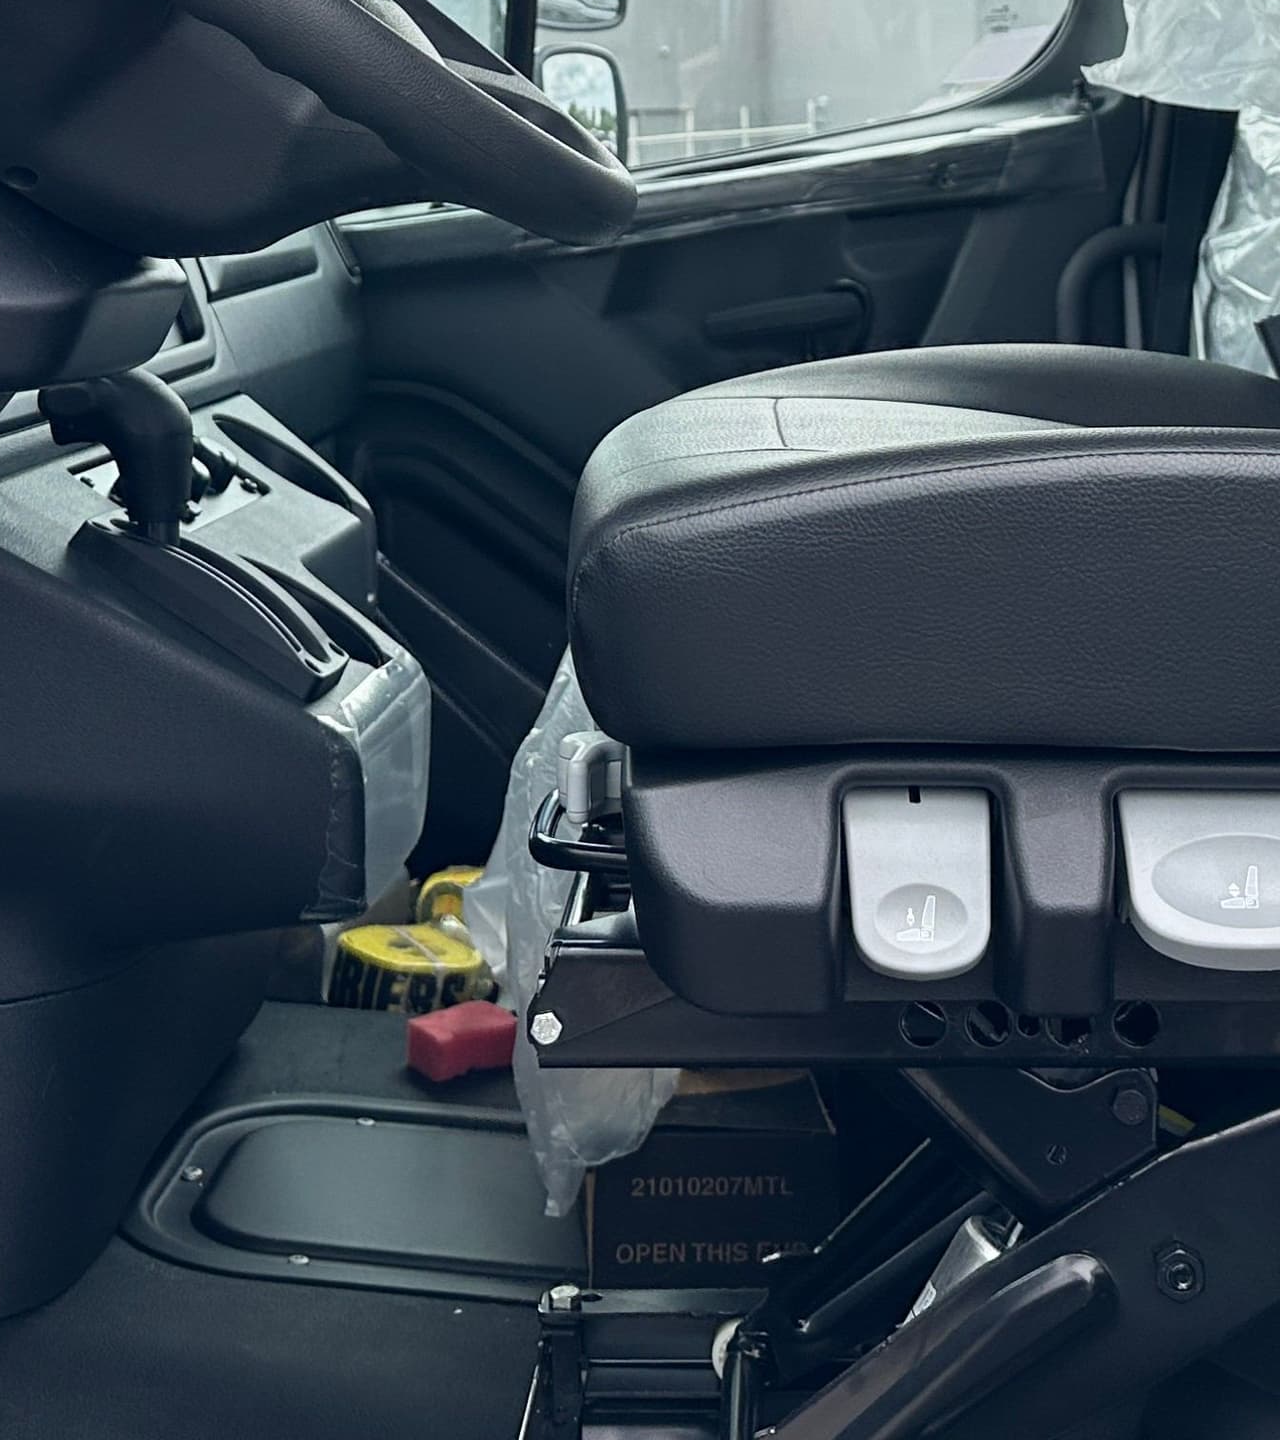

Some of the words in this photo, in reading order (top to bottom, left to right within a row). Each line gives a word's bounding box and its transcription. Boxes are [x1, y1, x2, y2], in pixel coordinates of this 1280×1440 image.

[631, 1175, 794, 1197] 21010207MTL
[616, 1242, 686, 1263] OPEN
[691, 1242, 749, 1263] THIS
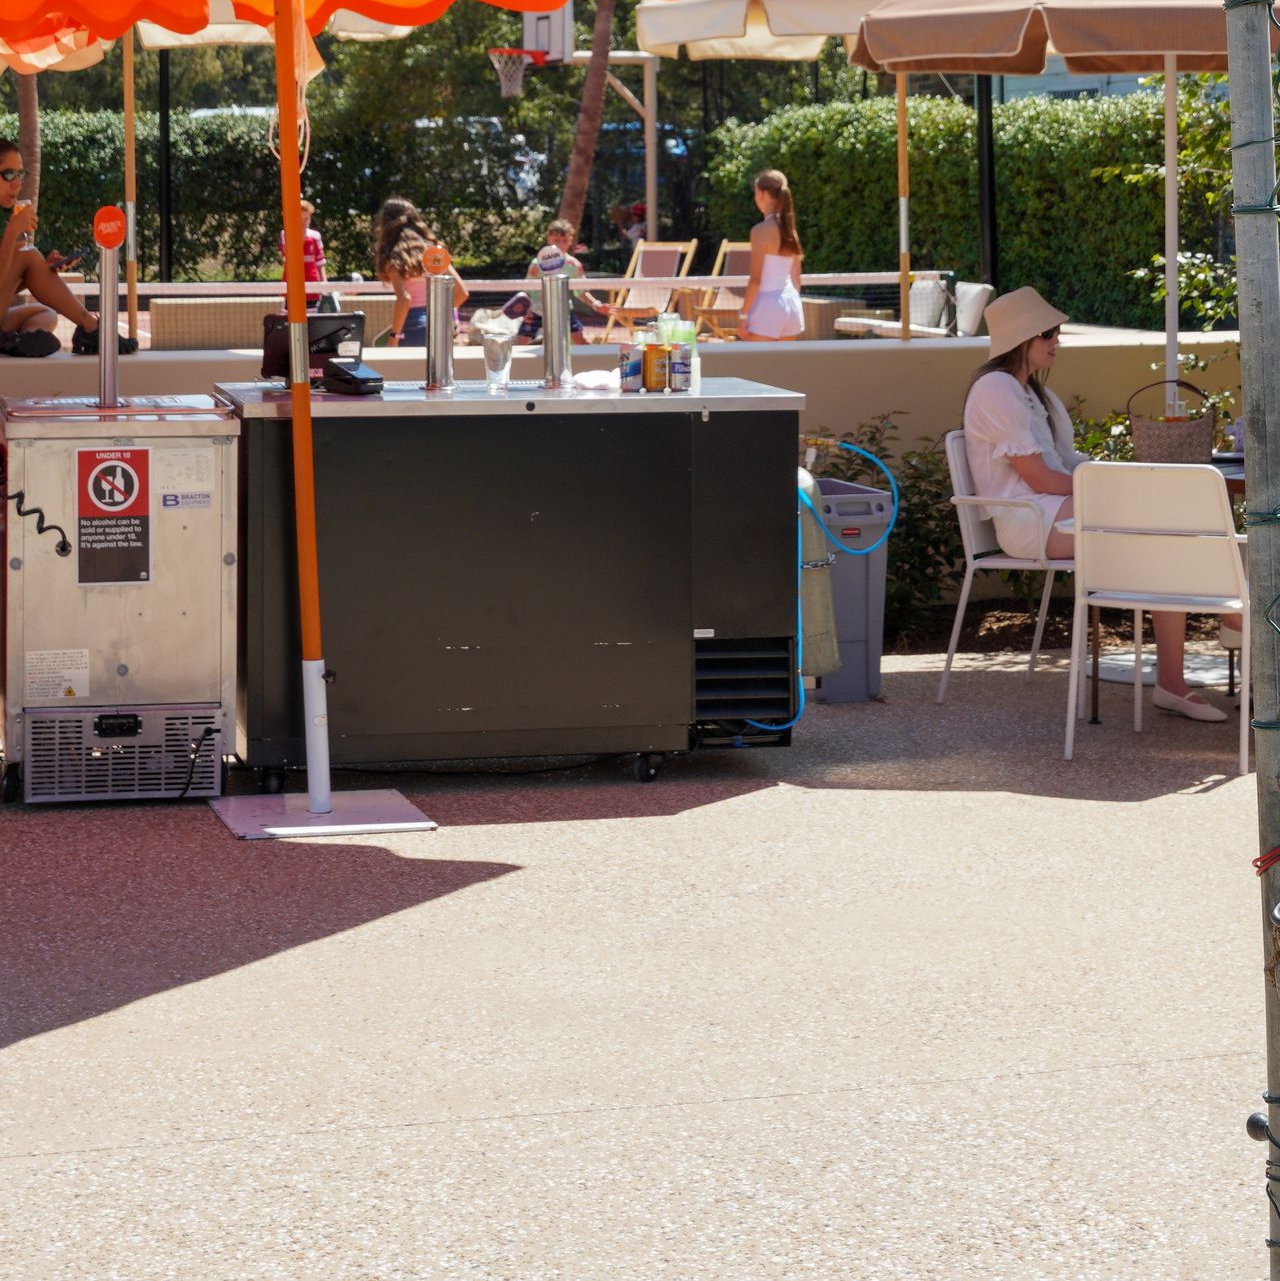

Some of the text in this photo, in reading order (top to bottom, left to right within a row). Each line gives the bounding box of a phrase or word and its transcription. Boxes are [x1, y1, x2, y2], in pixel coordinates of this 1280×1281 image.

[162, 494, 180, 507] B
[92, 518, 116, 526] alcohol
[105, 526, 134, 534] supplied
[92, 541, 117, 549] against
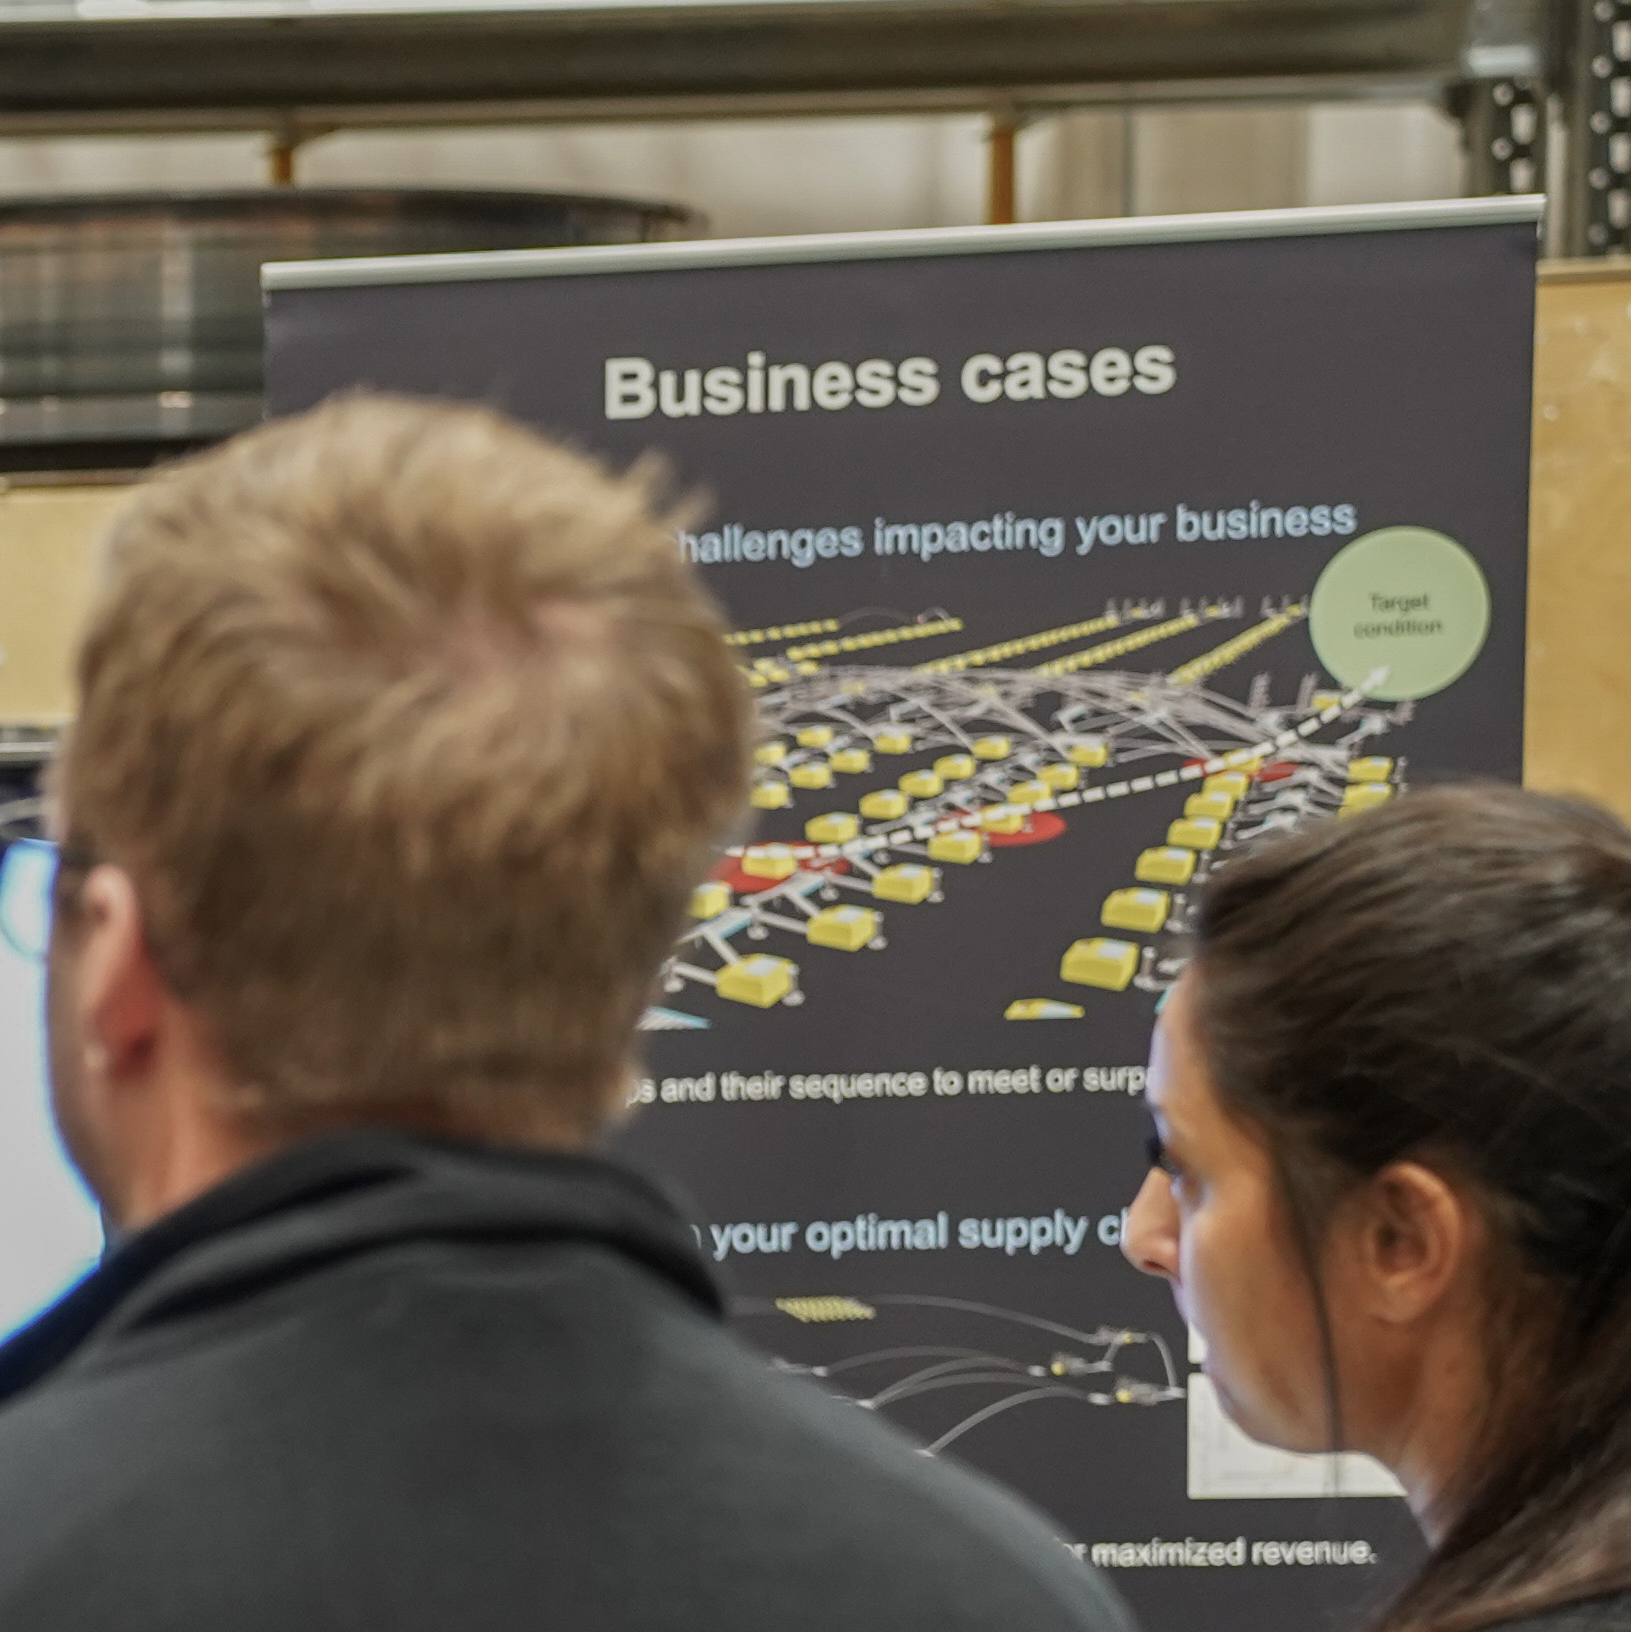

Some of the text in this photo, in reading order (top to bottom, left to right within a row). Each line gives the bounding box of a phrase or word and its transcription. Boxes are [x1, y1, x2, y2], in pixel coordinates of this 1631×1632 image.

#####

§ **WHAT TO DO**:
Reproduce the listing word for word, but keep the pictures out of it.

§ **YOUR RESPONSE**:
Some of the words in this photo, in reading order (top to bottom, left to right within a row). Each line gives a word's bounding box and its transcription. Boxes are [x1, y1, x2, y2], in pixel coordinates of this 1280×1440 image.

[631, 1175, 794, 1197] 21010207MTL
[616, 1242, 686, 1263] OPEN
[691, 1242, 749, 1263] THIS

Some of the text in this photo, in reading order (top to bottom, left to right within a row). Each line gives the bounding box of a phrase or word and its transcription. Boxes are [x1, y1, x2, y2], in pixel coordinates of this 1280×1281 image.

[162, 494, 180, 507] B
[92, 518, 116, 526] alcohol
[105, 526, 134, 534] supplied
[92, 541, 117, 549] against

Some of the text in this photo, in reading order (top to bottom, left to right within a row). Each line gives the bounding box of a phrase or word and its transcription. Boxes are [x1, y1, x2, y2], in pixel coordinates of this 1631×1632 image.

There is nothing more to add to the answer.